Deux entrées d’aéroport qui ne communiquent pas
C’est la particularité que presque personne n’annonce avant le départ. L’aéroport a un secteur international, côté suisse, et un secteur France. Ce dernier n’est accessible que par la route douanière depuis Ferney-Voltaire, et l’aéroport précise que les piétons et les cyclistes ne peuvent pas l’emprunter.
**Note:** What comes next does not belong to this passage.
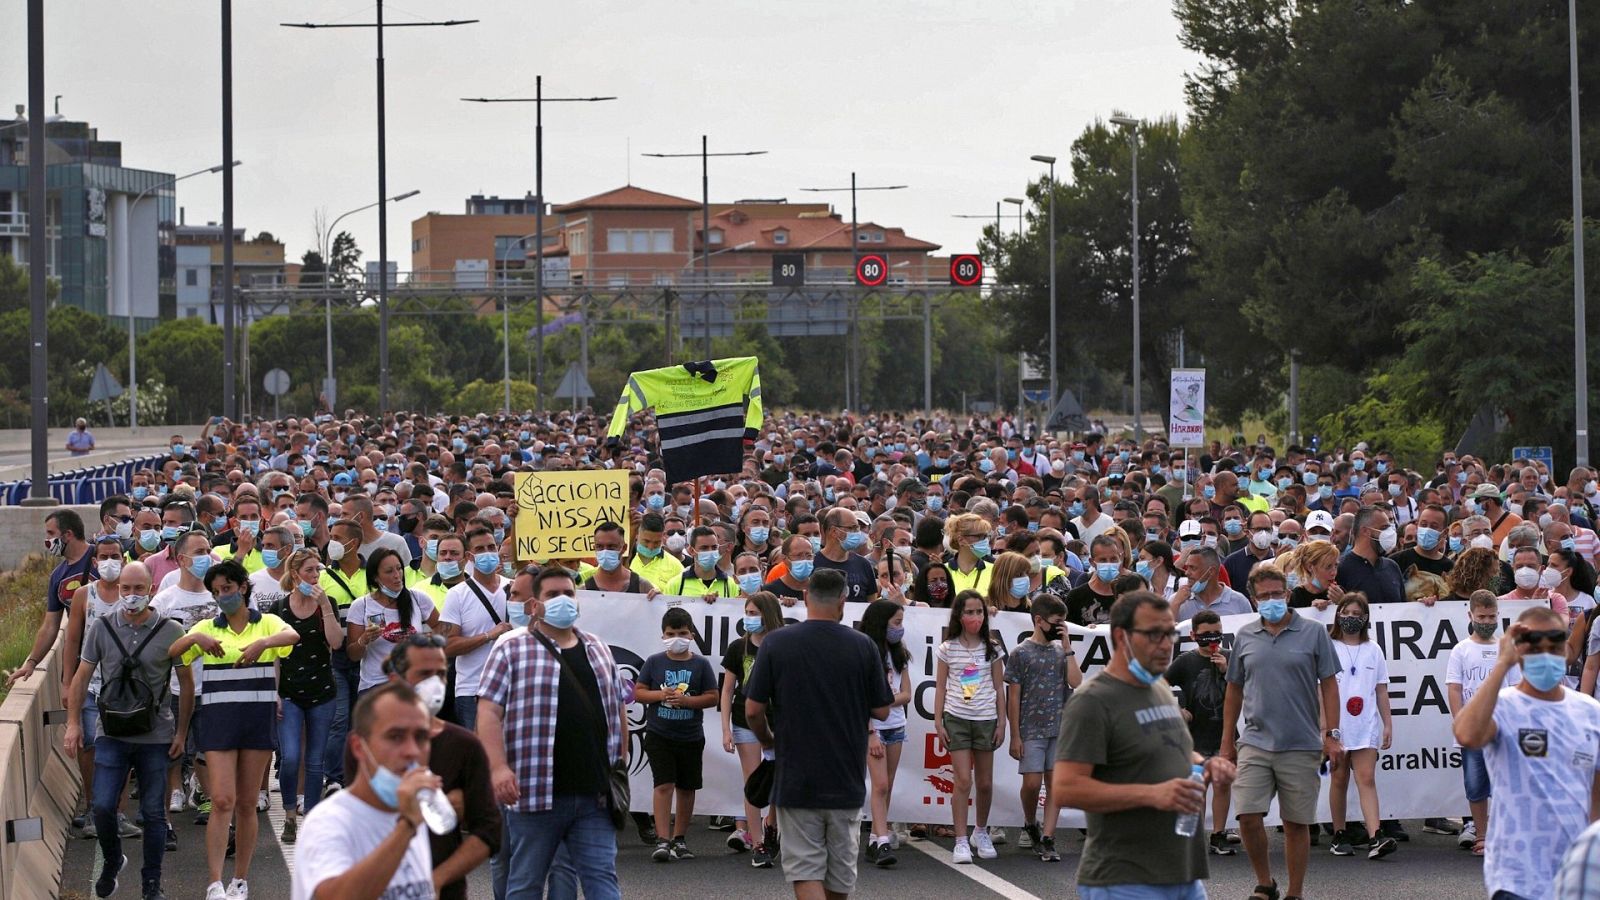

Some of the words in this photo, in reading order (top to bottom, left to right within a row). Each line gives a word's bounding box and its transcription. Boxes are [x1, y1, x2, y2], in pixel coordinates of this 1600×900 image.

Le cloisonnement est réel : seuls les passagers munis d’un billet valable pour le jour même, à un jour près, peuvent passer d’un secteur à l’autre, et le passage ne se fait ni à pied ni à vélo. Se tromper de côté ne se rattrape donc pas en marchant deux cents mètres. Cela se rattrape en refaisant la route.
D’où la question posée à la réservation, et qui n’a rien de bureaucratique : de quel côté le vol est-il traité. La réponse décide de l’itinéraire des vingt derniers kilomètres.
Le dépose-minute ne se transforme pas en attente
L’aéroport est clair sur son dépose-minute : il se situe au niveau Départs, à quelques pas du terminal, il est accessible en continu, il est gratuit, et le stationnement, même de courte durée, n’y est pas autorisé. C’est un arrêt, pas une attente.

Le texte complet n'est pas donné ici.